What does it mean to decolonize a legal system? Does it mean the wholesale dismantling of a colonial/settler tradition? If yes, what is to replace it? How would matters like criminal justice, private dispute resolution, and domestic/international commercial transactions be regulated/managed during a transitional period? How would revenues for the national fiscus be generated? What would it mean for the country’s relations with other nations? In South Africa, for example, if commercial laws were “dismantled” how would the economy function until a new system was developed and implemented? If western notions of private property were replaced with a traditional notion of communal ownership, what would this mean for the country’s food security, residential accommodation, business investment and growth, public capital infrastructure development, etc.? Clearly, it is easy to say “decolonize” but the offering of concrete, functional, appropriate, and peaceful alternatives is not so easy. So, what now?

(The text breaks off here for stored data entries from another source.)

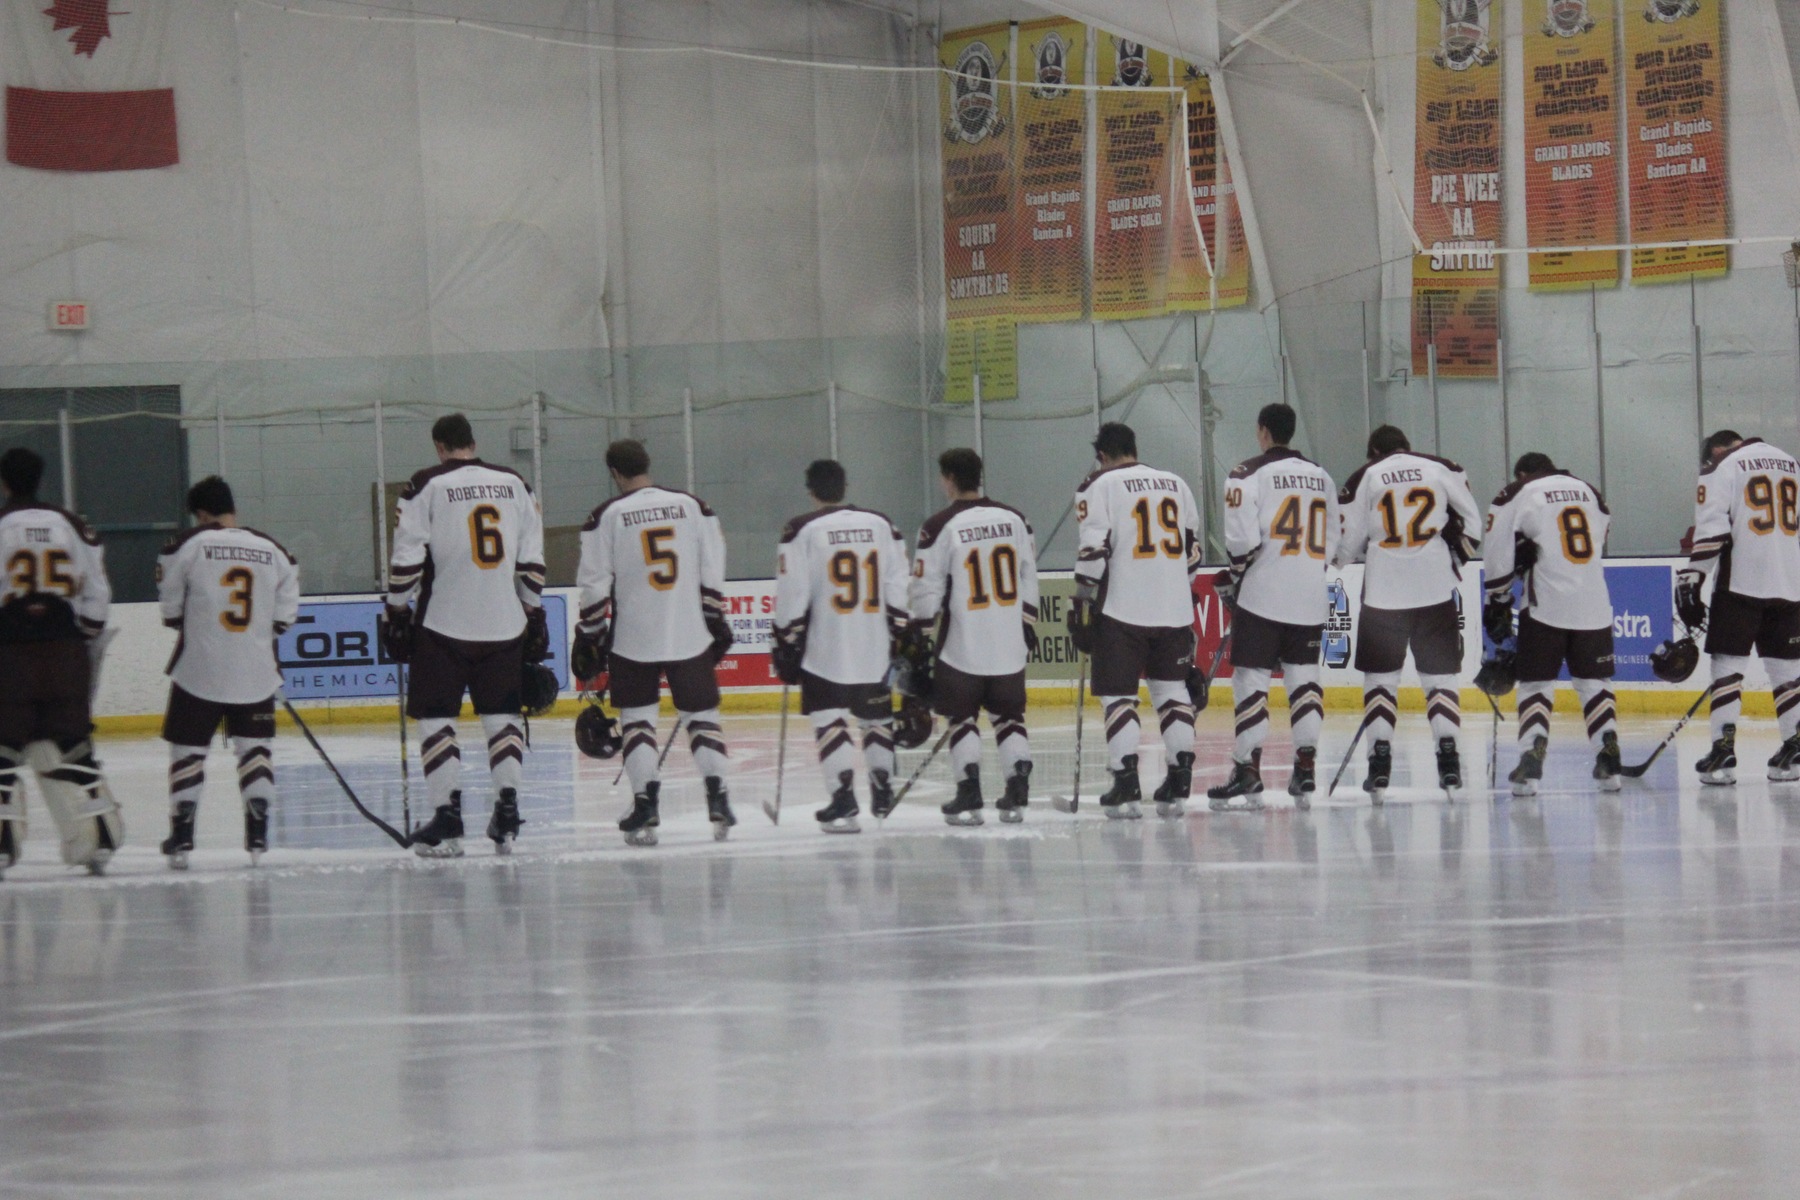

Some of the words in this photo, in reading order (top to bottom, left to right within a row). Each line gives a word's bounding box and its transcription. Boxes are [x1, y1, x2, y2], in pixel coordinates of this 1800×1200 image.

[1640, 123, 1669, 140] Grand
[1673, 117, 1713, 138] Rapids
[1535, 145, 1568, 162] GRAND
[1571, 141, 1611, 158] RAPIDS
[1655, 141, 1693, 158] Blades
[1552, 164, 1593, 180] BLADES
[1647, 163, 1687, 179] Bantam
[1690, 157, 1707, 173] AA
[1051, 189, 1081, 206] Rapids
[1431, 174, 1458, 203] PEE
[1462, 172, 1499, 202] WEE
[1107, 199, 1131, 213] GRAND
[1132, 195, 1162, 211] RAPIDS
[1037, 209, 1065, 222] Blades
[1111, 215, 1139, 230] BLADES
[1453, 208, 1474, 236] AA
[959, 223, 997, 247] SQUIRT
[1066, 225, 1073, 238] A
[972, 250, 986, 271] AA
[1737, 457, 1796, 474] VANOPHEM
[1123, 478, 1179, 493] VIRTANEN
[1381, 468, 1423, 485] OAKES
[446, 485, 515, 502] ROBERTSON
[1225, 487, 1242, 508] 40
[1544, 490, 1590, 504] MEDINA
[621, 504, 687, 527] HUIZENGA
[1743, 474, 1798, 537] 98
[1131, 496, 1184, 560] 19
[1269, 494, 1327, 560] 40
[1377, 487, 1438, 548] 12
[467, 503, 505, 570] 6
[827, 528, 874, 545] DEXTER
[958, 523, 1013, 543] ERDMANN
[1557, 505, 1595, 565] 8
[203, 545, 273, 565] WECKESSER
[640, 526, 678, 592] 5
[6, 549, 77, 602] 35
[826, 548, 880, 615] 91
[963, 544, 1018, 611] 10
[219, 566, 254, 633] 3
[1040, 595, 1062, 623] NE
[733, 619, 753, 630] FOR
[1611, 609, 1653, 638] stra

The notion of hybridity, as enunciated by Homi K. Bhabha29, has relevance. Building on the work of Edward Said, Bhabha’s axiomatic contention is that decolonizationrequires a recognition ofthings that are“good”about the colonizer’s traditions and institutions, and conscious decisions to discard what is not. In other words, the colonial baby should not be thrown out with the bath water; once cleansed of its “filth”, the baby, as it matures, holds wonderful possibilities. Hence, hybridity requires an interweaving of elements of colonial and traditional values, practices and institutions in ways that are appropriate given the conditions of a territory. South Africa’s mixed legal traditions, when combined with its Bill of Rights and constitutional recognition of traditional/customary law, is the perfect “petri dish” to grow a decolonized legal tradition. What better example than a country that constitutionally entrenches legal pluralism (e.g., common, civil, traditional/indigenous) and is sworn to a development agenda anchored in human rights?

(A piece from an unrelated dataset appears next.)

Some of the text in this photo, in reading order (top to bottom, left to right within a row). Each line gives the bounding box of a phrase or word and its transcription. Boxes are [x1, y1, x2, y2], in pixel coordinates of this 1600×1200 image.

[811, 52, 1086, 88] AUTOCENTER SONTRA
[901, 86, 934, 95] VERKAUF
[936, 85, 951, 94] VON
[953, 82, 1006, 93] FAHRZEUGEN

29 Bhabha’s was influenced by deconstructionists like Jacques Derrida, deconstructionist psychoanalysts like Jacques Lacan, and Michel Foucault's notion of discursivity. He acknowledged Edward Said as having the most significant influence on his work. Notable amongst Bhabha’s works is: “Of Mimicry and Man: The Ambivalence of Colonial Discourse”, Vol. 28, Discipleship: A Special Issue on Psychoanalysis (Spring, 1984), pp. 125-133.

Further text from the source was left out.